▶ [Exercise instructions] Any image in the records is to be dropped, and everything else duplicated precisely.
(Beginning of Extracted information)
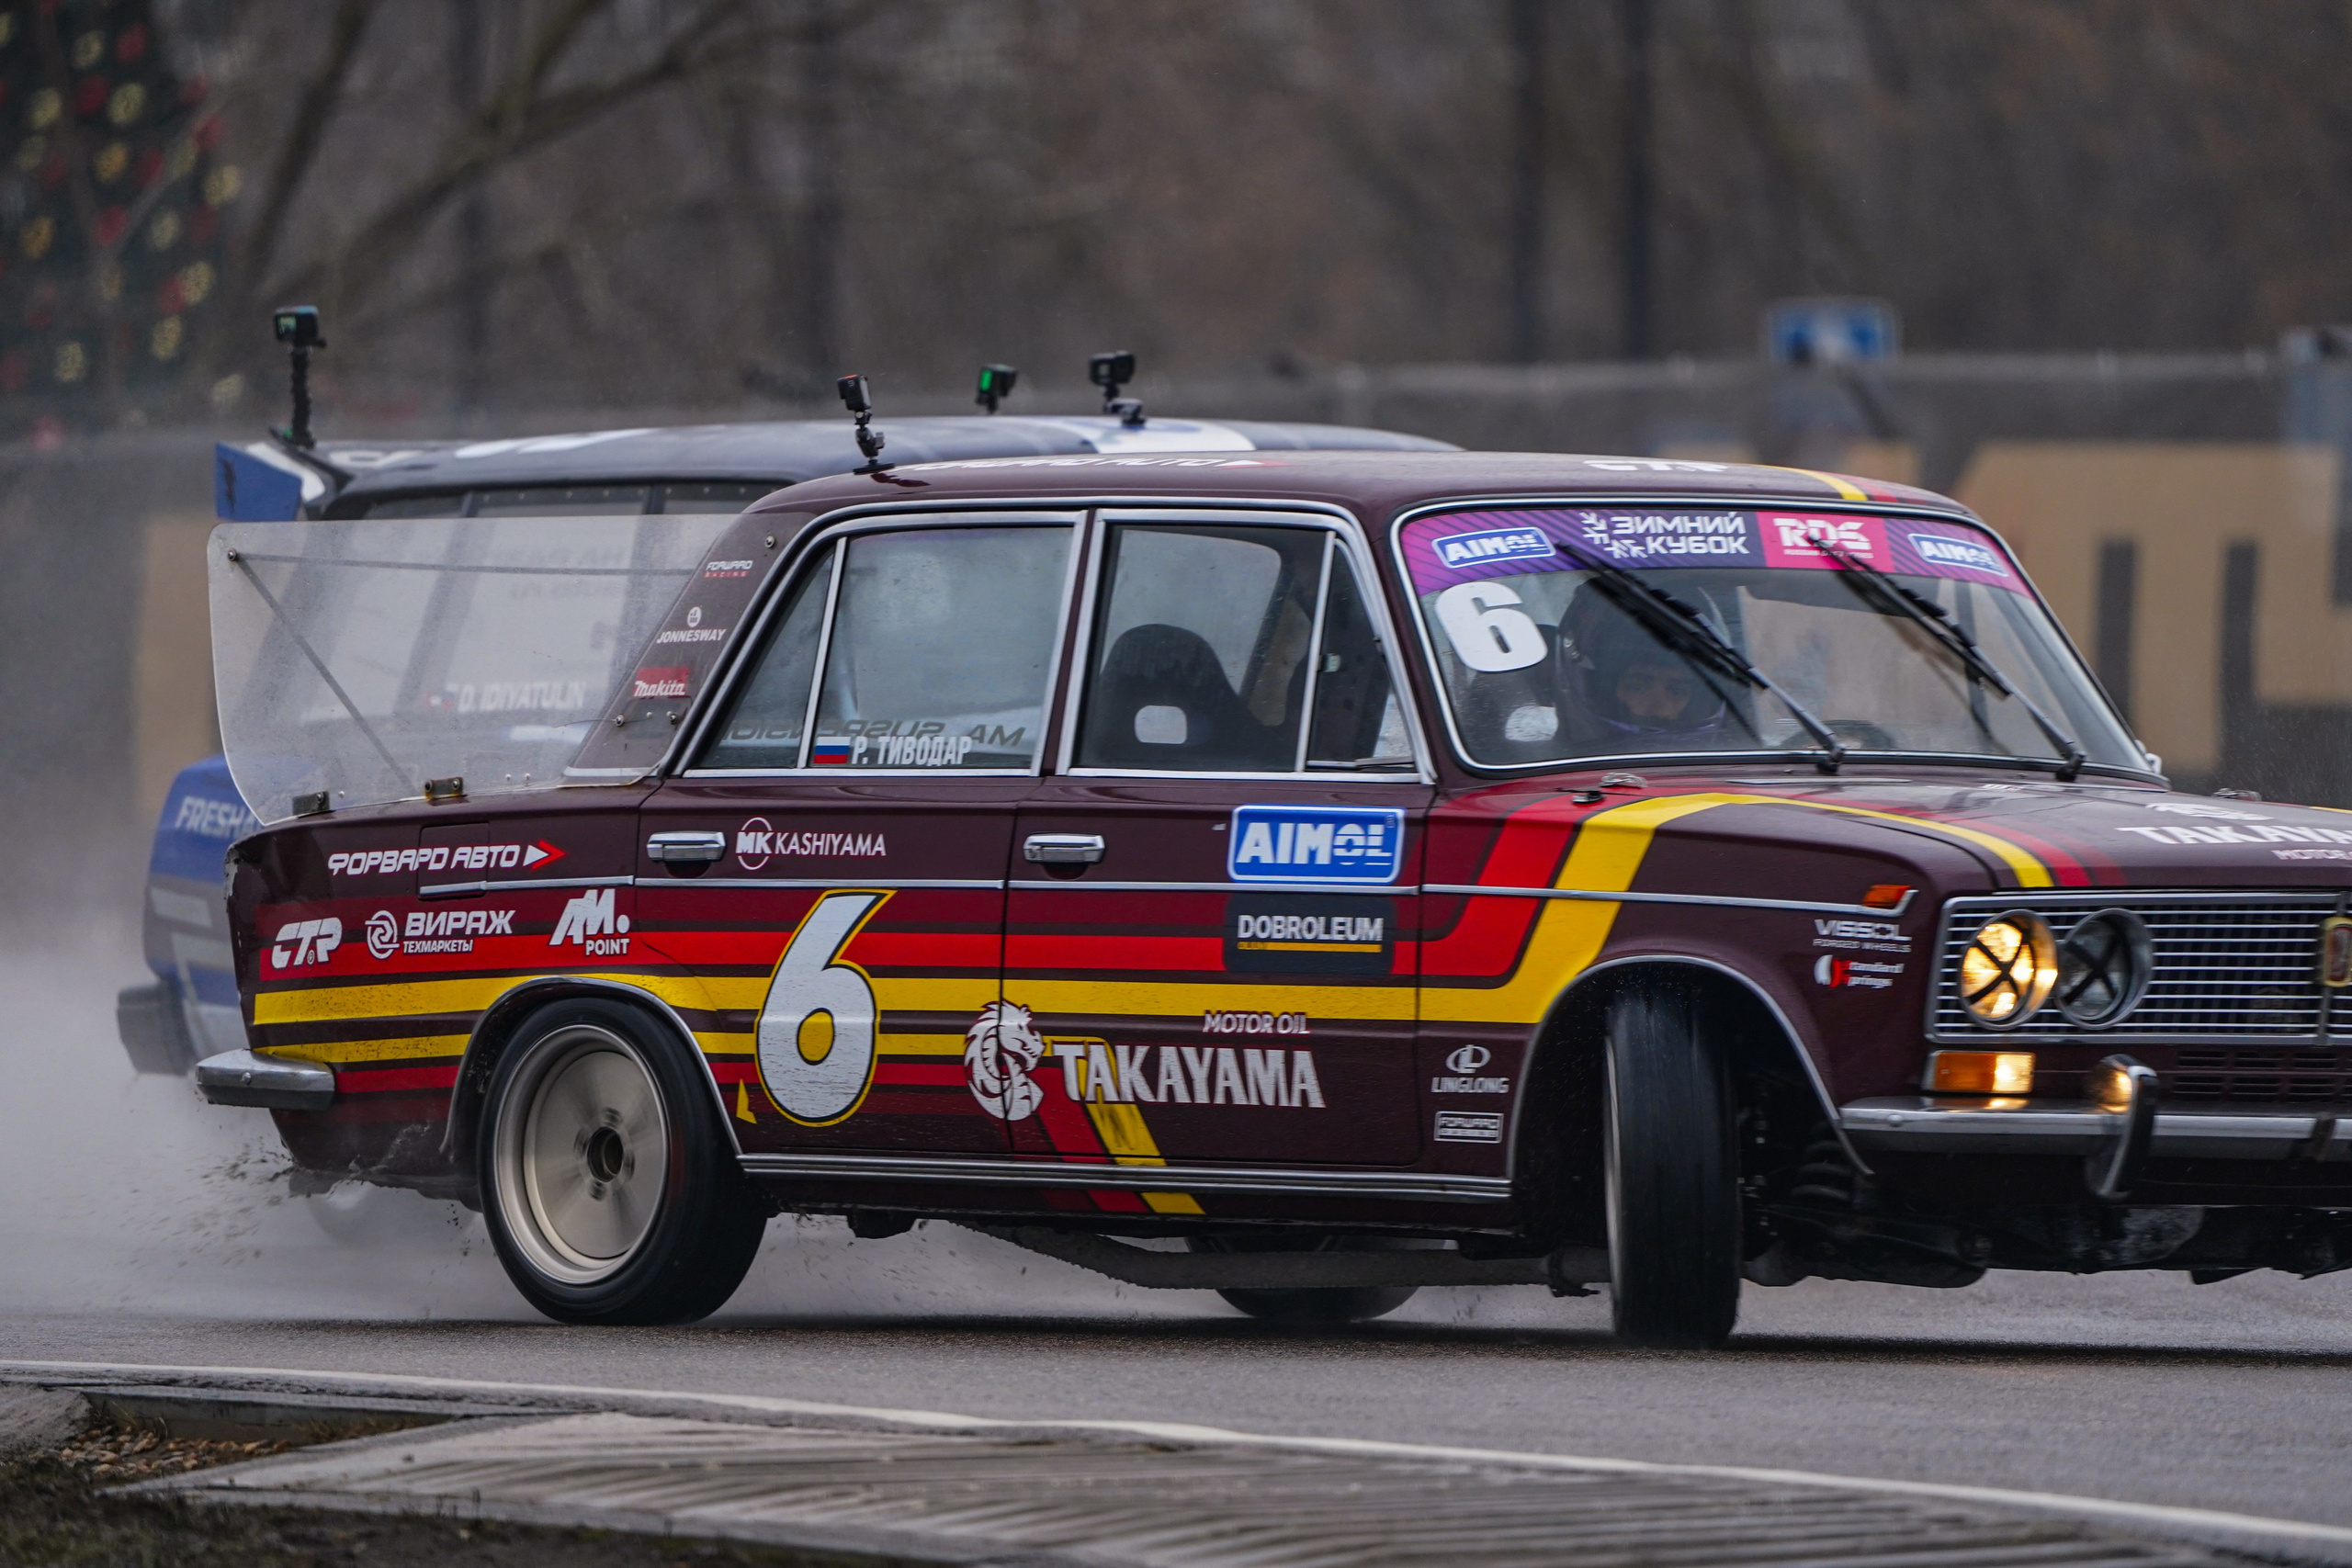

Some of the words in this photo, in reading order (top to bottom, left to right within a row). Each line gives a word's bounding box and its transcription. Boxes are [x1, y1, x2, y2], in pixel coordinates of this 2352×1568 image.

[1611, 512, 1747, 535] ЗИМНИЙ
[1773, 518, 1872, 549] RDS
[1445, 535, 1545, 563] AIMOL
[1646, 536, 1750, 555] КУБОК
[657, 628, 727, 644] JONNESWAY
[1435, 581, 1548, 672] 6
[634, 680, 686, 697] Makita
[851, 737, 869, 764] Р.
[877, 736, 974, 766] ТИВОДАР
[736, 831, 773, 854] MK
[774, 831, 887, 857] KASHIYAMA
[1236, 822, 1393, 865] AIMOL
[450, 844, 520, 870] АВТО
[404, 910, 515, 936] ВИРАЖ
[1238, 915, 1384, 941] DOBROLEUM
[272, 917, 342, 968] CTR
[403, 939, 474, 954] ТЕХМАРКЕТЫ
[585, 938, 630, 956] POINT
[755, 889, 897, 1127] 6
[1203, 1012, 1274, 1033] MOTOR
[1276, 1014, 1311, 1034] OIL
[1053, 1044, 1327, 1109] TAKAYAMA
[1430, 1077, 1510, 1093] LINGLONG
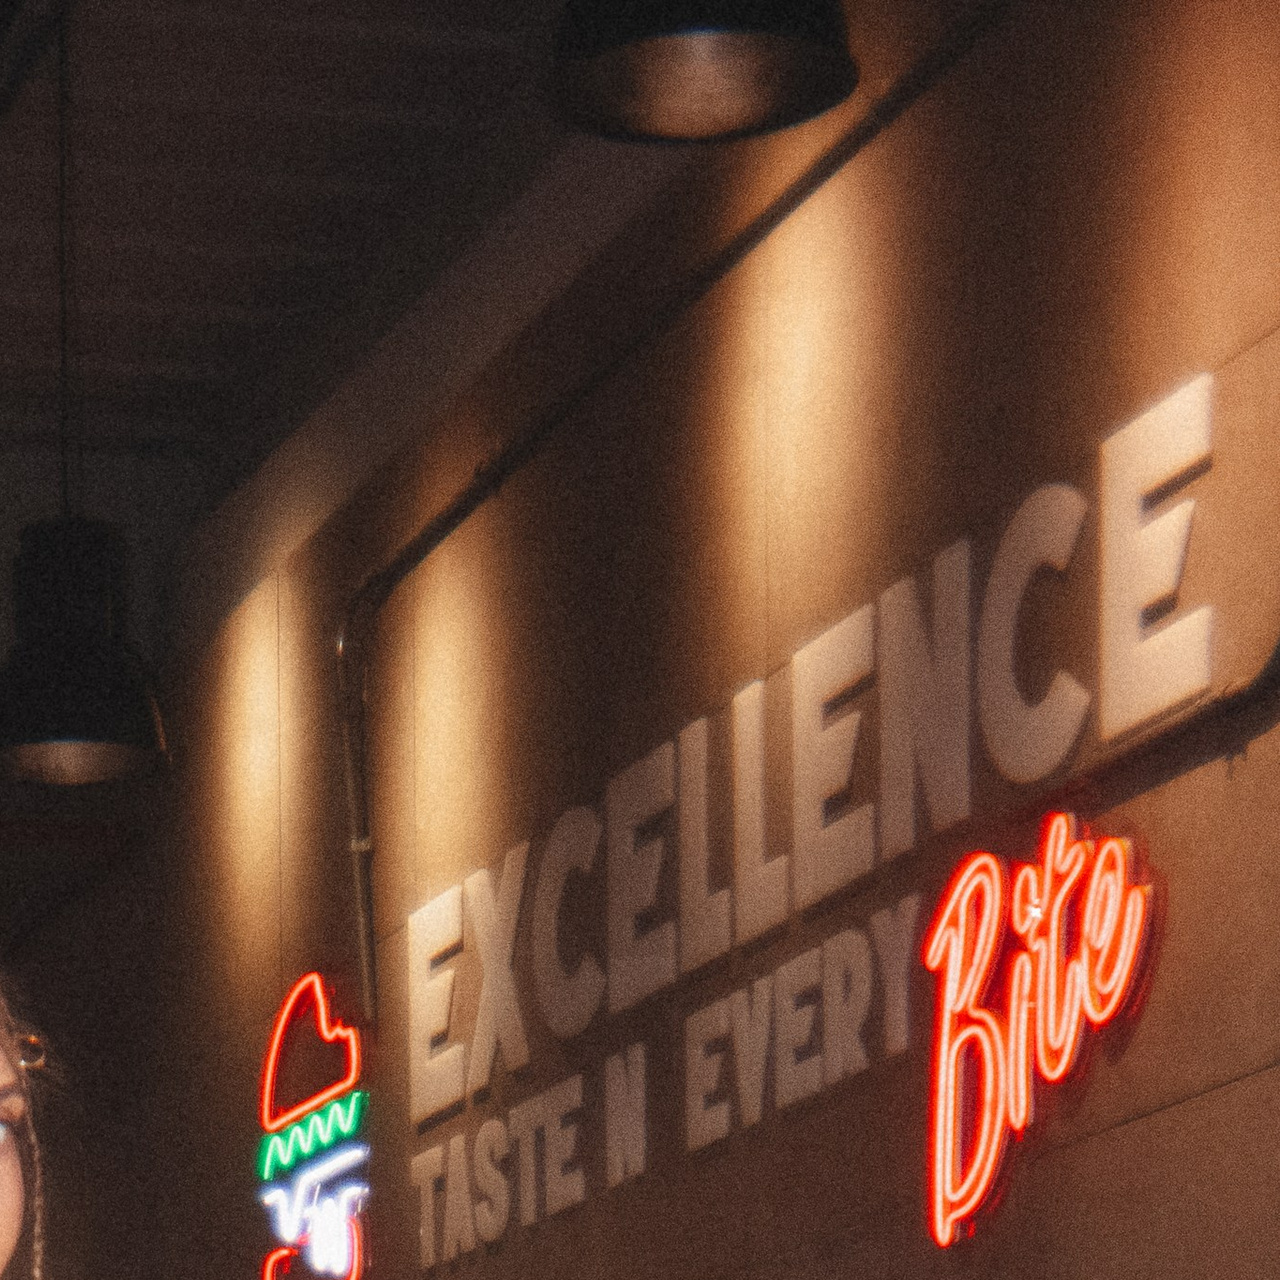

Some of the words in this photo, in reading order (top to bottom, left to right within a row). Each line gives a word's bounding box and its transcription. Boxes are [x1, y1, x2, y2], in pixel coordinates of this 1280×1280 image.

[409, 372, 1213, 1125] EXCELLENCE
[411, 1074, 586, 1270] TASTE
[685, 893, 921, 1153] EVERY
[925, 812, 1148, 1247] Bite
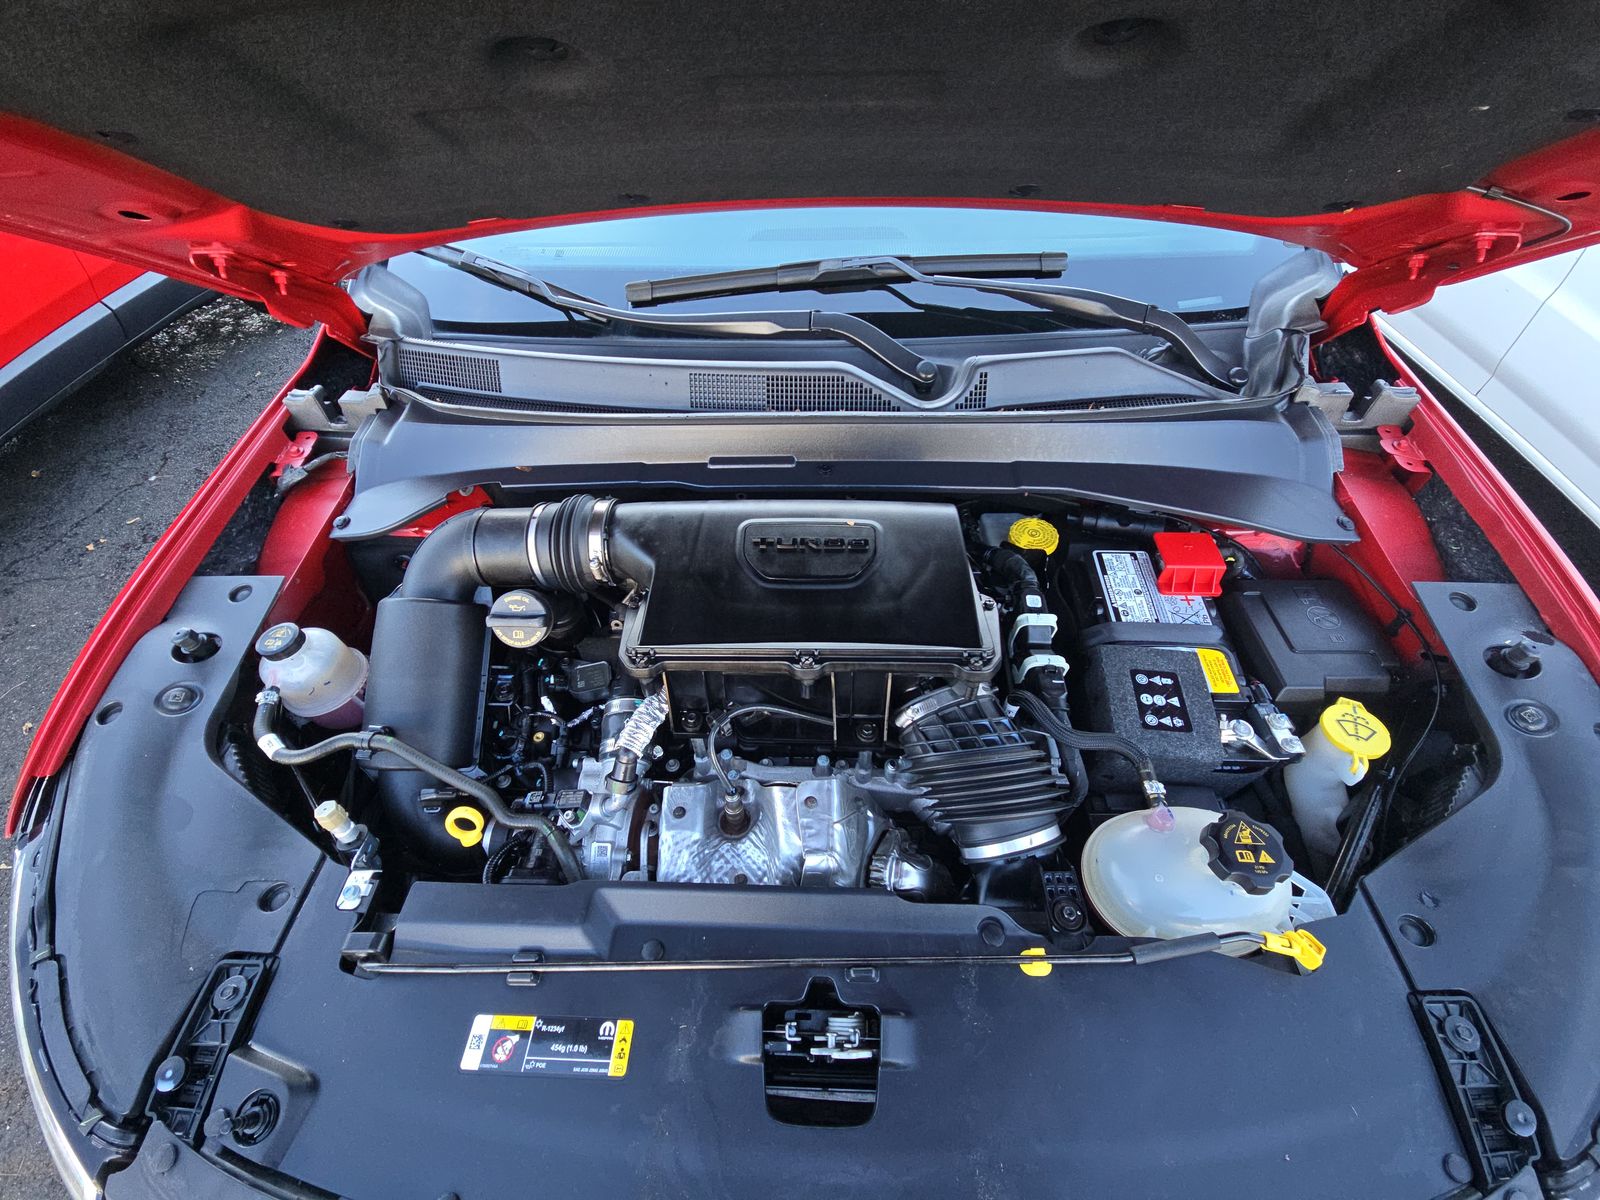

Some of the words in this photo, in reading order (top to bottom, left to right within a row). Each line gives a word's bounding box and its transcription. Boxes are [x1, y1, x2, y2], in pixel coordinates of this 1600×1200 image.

[752, 537, 869, 551] TURBO
[551, 1043, 566, 1054] 454g
[566, 1044, 579, 1054] (1.0
[579, 1044, 588, 1055] lb)
(End of Extracted information)
▶ [Problem solution]
Some of the words in this photo, in reading order (top to bottom, left to right within a row). Each line gives a word's bounding box and its transcription. Boxes are [x1, y1, x2, y2], in pixel coordinates of this 2352×1568 image.

[1611, 512, 1747, 535] ЗИМНИЙ
[1773, 518, 1872, 549] RDS
[1445, 535, 1545, 563] AIMOL
[1646, 536, 1750, 555] КУБОК
[657, 628, 727, 644] JONNESWAY
[1435, 581, 1548, 672] 6
[634, 680, 686, 697] Makita
[851, 737, 869, 764] Р.
[877, 736, 974, 766] ТИВОДАР
[736, 831, 773, 854] MK
[774, 831, 887, 857] KASHIYAMA
[1236, 822, 1393, 865] AIMOL
[450, 844, 520, 870] АВТО
[404, 910, 515, 936] ВИРАЖ
[1238, 915, 1384, 941] DOBROLEUM
[272, 917, 342, 968] CTR
[403, 939, 474, 954] ТЕХМАРКЕТЫ
[585, 938, 630, 956] POINT
[755, 889, 897, 1127] 6
[1203, 1012, 1274, 1033] MOTOR
[1276, 1014, 1311, 1034] OIL
[1053, 1044, 1327, 1109] TAKAYAMA
[1430, 1077, 1510, 1093] LINGLONG

Some of the words in this photo, in reading order (top to bottom, left to right within a row). Each line gives a word's bounding box and its transcription. Boxes are [x1, y1, x2, y2], in pixel coordinates of this 1280×1280 image.

[409, 372, 1213, 1125] EXCELLENCE
[411, 1074, 586, 1270] TASTE
[685, 893, 921, 1153] EVERY
[925, 812, 1148, 1247] Bite

Some of the words in this photo, in reading order (top to bottom, left to right within a row). Each line gives a word's bounding box and its transcription. Boxes are [x1, y1, x2, y2], in pixel coordinates of this 1600×1200 image.

[752, 537, 869, 551] TURBO
[551, 1043, 566, 1054] 454g
[566, 1044, 579, 1054] (1.0
[579, 1044, 588, 1055] lb)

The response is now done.